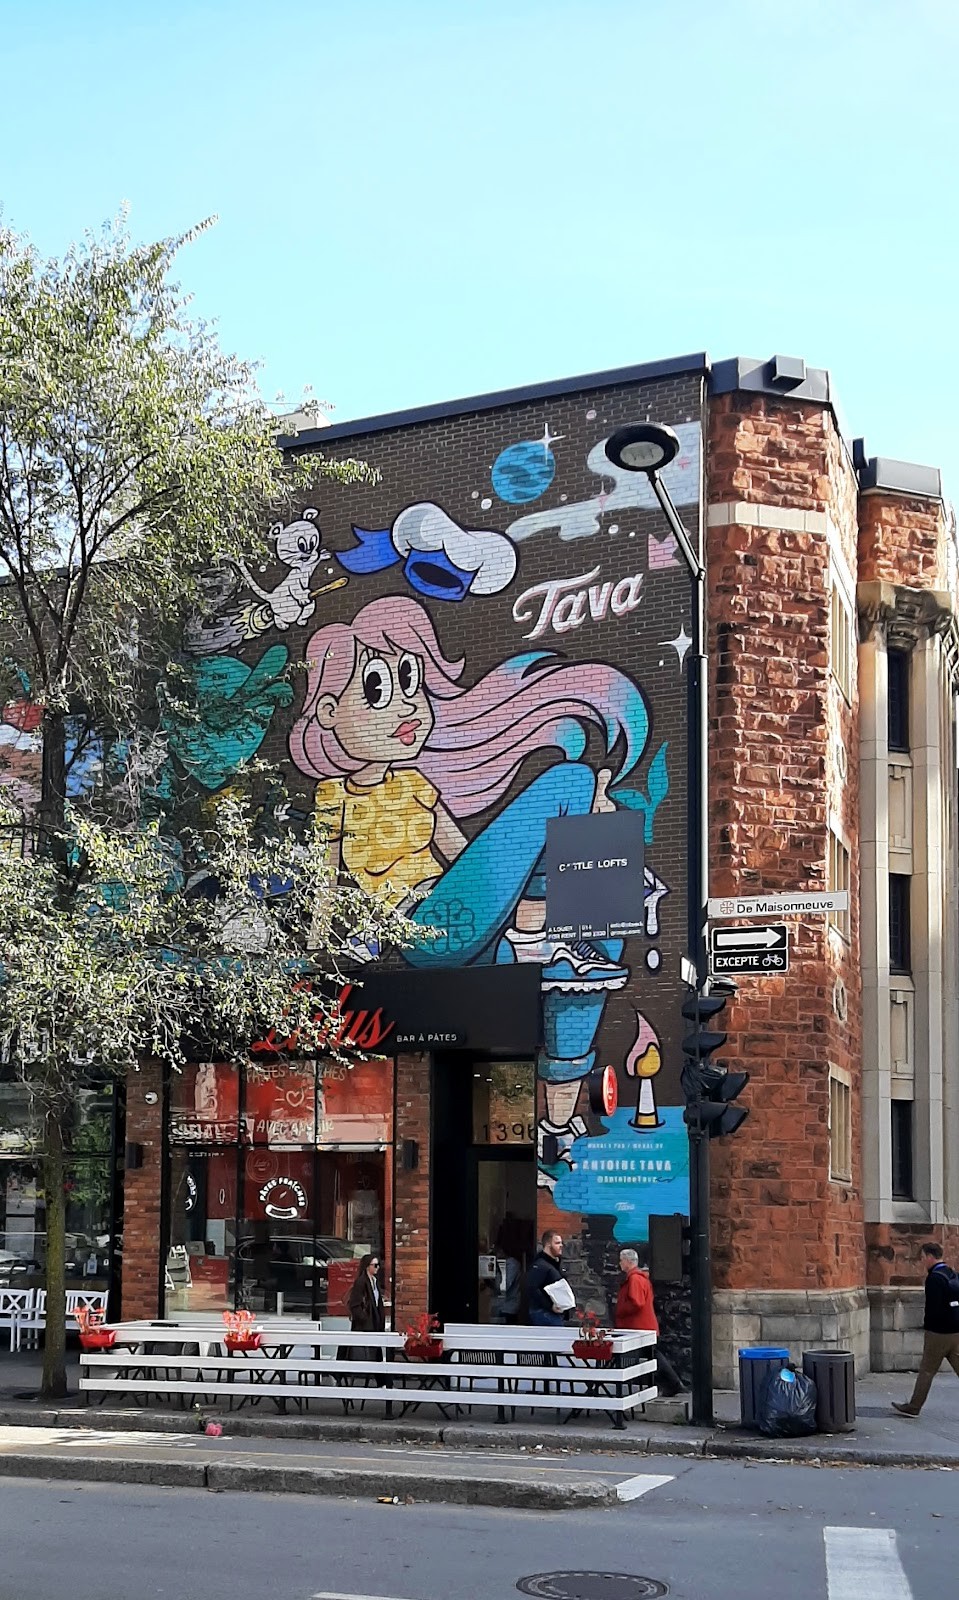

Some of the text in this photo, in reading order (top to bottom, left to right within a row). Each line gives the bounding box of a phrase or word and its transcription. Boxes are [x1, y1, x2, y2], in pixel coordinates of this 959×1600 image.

[512, 564, 644, 640] Tava
[559, 858, 628, 872] CSTLE LOFTS
[737, 904, 753, 913] De
[756, 900, 834, 912] Maisonneuve
[397, 1034, 415, 1042] BAR
[582, 1160, 672, 1171] ANTOINE TAVA
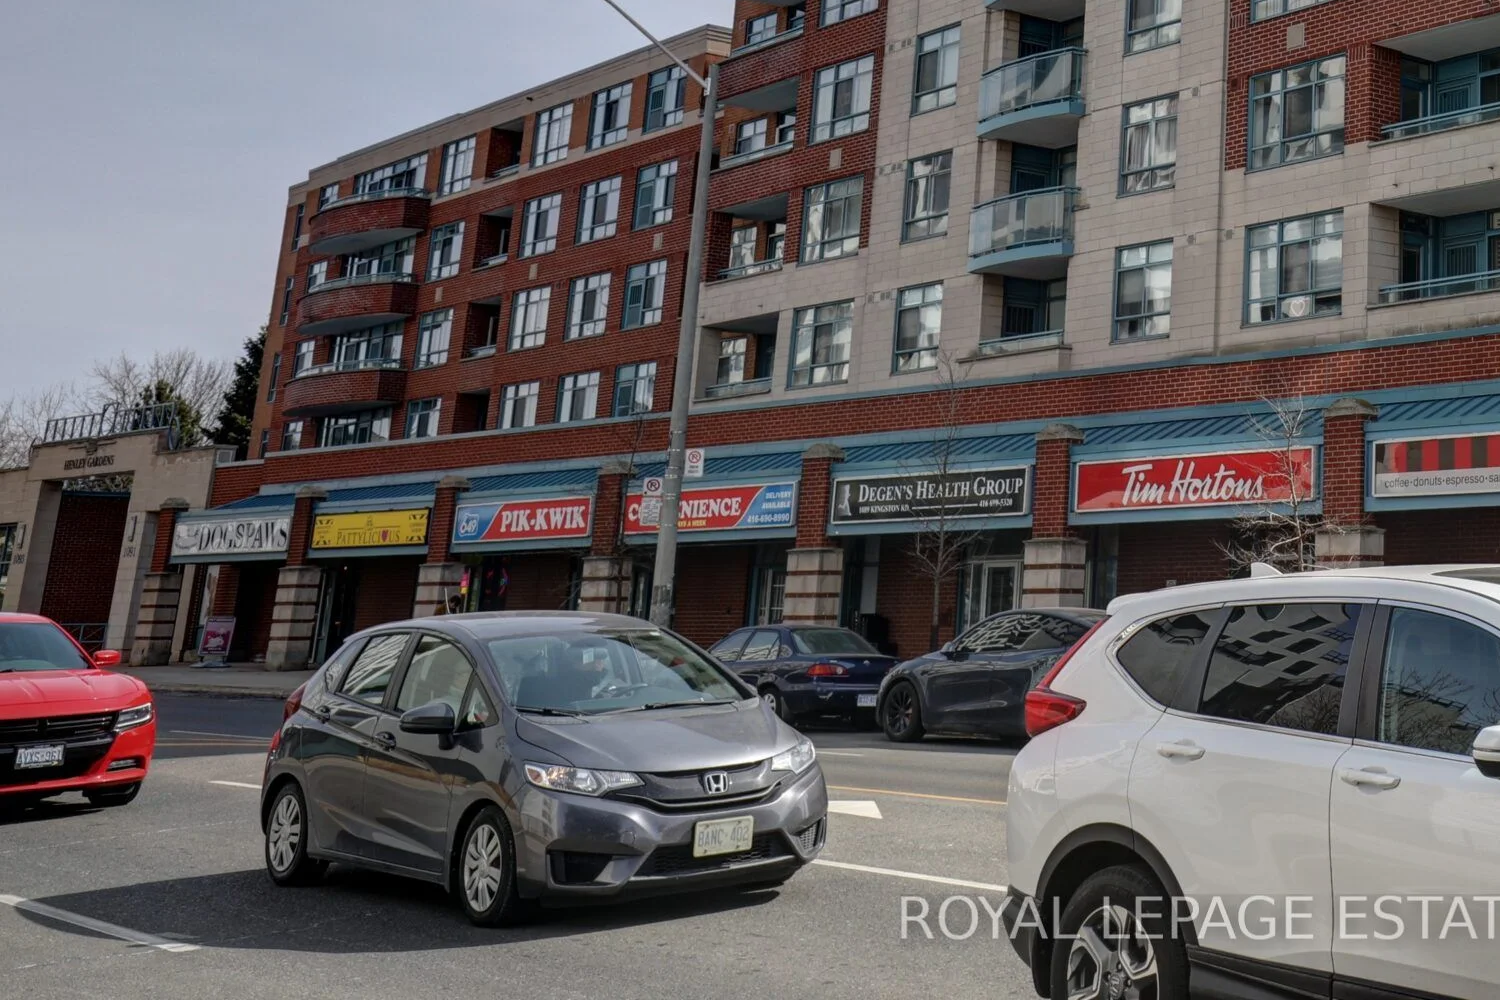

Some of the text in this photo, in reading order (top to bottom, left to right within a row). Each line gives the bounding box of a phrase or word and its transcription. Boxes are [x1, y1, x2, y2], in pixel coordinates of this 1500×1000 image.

[63, 454, 115, 471] HENLEY GARDENS
[858, 475, 1024, 503] DEGEN'S HEALTH GROUP
[1121, 460, 1263, 506] Tim Hortons
[1384, 478, 1410, 489] coffee
[1413, 476, 1442, 487] donuts
[1445, 474, 1485, 486] espresso
[627, 496, 742, 521] CNIENCE
[870, 504, 899, 514] KINGSTON
[199, 521, 288, 551] DOGSPAWS
[698, 825, 750, 848] BANC 402

★ ★ ★

The records above must be printed exactly, but the pictures they hold should be omitted.

Some of the text in this photo, in reading order (top to bottom, left to right within a row). Each line gives the bounding box of a phrase or word and its transcription. Boxes are [x1, y1, x2, y2], in pixel coordinates of this 959×1600 image.

[512, 564, 644, 640] Tava
[559, 858, 628, 872] CSTLE LOFTS
[737, 904, 753, 913] De
[756, 900, 834, 912] Maisonneuve
[397, 1034, 415, 1042] BAR
[582, 1160, 672, 1171] ANTOINE TAVA

Some of the text in this photo, in reading order (top to bottom, left to right within a row). Each line gives the bounding box of a phrase or word and its transcription. Boxes are [x1, y1, x2, y2], in pixel coordinates of this 1500×1000 image.

[63, 454, 115, 471] HENLEY GARDENS
[858, 475, 1024, 503] DEGEN'S HEALTH GROUP
[1121, 460, 1263, 506] Tim Hortons
[1384, 478, 1410, 489] coffee
[1413, 476, 1442, 487] donuts
[1445, 474, 1485, 486] espresso
[627, 496, 742, 521] CNIENCE
[870, 504, 899, 514] KINGSTON
[199, 521, 288, 551] DOGSPAWS
[698, 825, 750, 848] BANC 402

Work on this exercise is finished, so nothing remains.